Will you guys ever do the same thing like Google did on angularjs..?
..angularjs 2.0 was a total rewrite and if youre using 1.x your in deep shieet. Luckily I didn't have anything angular in production.

For me at least, its very important that IF I choose to use something, going forward shouldn't mean discarding all the stuff you have done. I understand that of course one must do stuff to go on.. but, a total rewrite.. ewww.

I don't work at FB, but as far as I'm aware they are fully committed at FB and IG so it's not something they would do lightly, whereas Google is basically just using Angular for internal dev tools. More than that React boils down to "immediate mode rendering", it's not a new or at all complicated subject and they've already proven that it actually works really well in practice even for the largest of large-scale apps. So the foundation is solid, everything else that is being developed is basically "opt-in" features on-top of that, so even if they hypothetically walk down a catastrophically bad path it wouldn't be fundamentally broken and most of your components would be salvageable one way or another (again, hypothetical scenario).

So for me, React is the first and only framework that I've felt actually got it right (enough) that I've felt confident professionally committing to knowing that even when "another framework" inevitably comes around that React will still be a solid foundation and will continue to be supported.

+1

React is simple, Angular is not so. As far as I know, React components can be somehow compared with Angular directives with a template and an isolate scope in term of usage / component composability (even if the inner workings are really different).
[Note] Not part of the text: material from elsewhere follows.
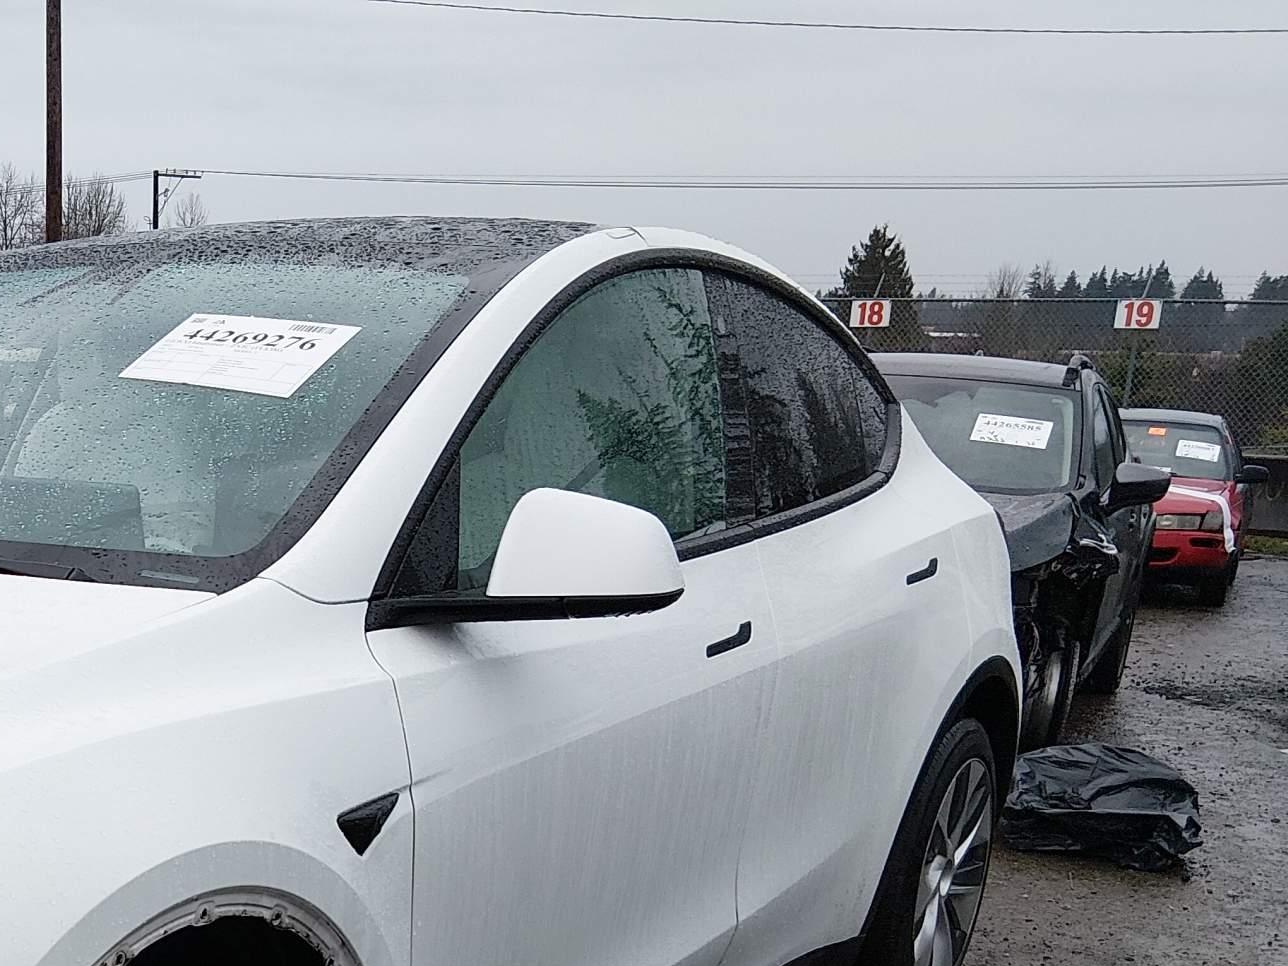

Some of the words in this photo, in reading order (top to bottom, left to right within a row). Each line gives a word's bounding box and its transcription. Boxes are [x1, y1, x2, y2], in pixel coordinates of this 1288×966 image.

[857, 301, 884, 326] 18
[1124, 301, 1154, 327] 19
[184, 329, 320, 350] 44269276
Angular 2.0 is removing things like Controller.
Release after release, React keeps being simple and does not really add or remove many things, the changes are just implementation details that are well explained/understood by the community.

React is just a first successful implementation of a simple purely functional concept: f(Data) = View
Basically f(Json) = Dom
But this is valid for any UI technology (see React Native).
You could have f(JavaPojo) = Swing UI too!

I don't think React will ever change its core to solve other problems, but is a solid fundation for more advanced frameworks to build on it. As we don't need to worry anymore about that transformation from state to UI, we see more and more frameworks that have opiniated ways to manage the state of your application (ie most Flux implementations). You should be more concerned about a total rewrite of these frameworks than a total rewrite of React as this field is not yet mature.

Even if React were to be rewritten, the current API is pretty well designed and I don't think it would have to change so much from vX to vX+1.

I'm using React since 0.5, developping a framework, a mobile app, a clipper and a browser app with React. There are breaking changes from release to release but I've never seen anything unmanageable. Breaking changes are introduced progressively. Most migrations took less than half a day for a medium sized SPA.

By the way, if you are satisfied with Angular 1.x, you can still stick with it. Being maintained is not such a big deal if the product works great. If the current version of React was not maintained I would still use it.

Hmm, coulda continue using angularjs 1.x but I have this bad gut feeling about it.

Looks like I shall put my efforts on evaluating reactjs and that flux thingie for our production apps frontend facelift :)

Cheers!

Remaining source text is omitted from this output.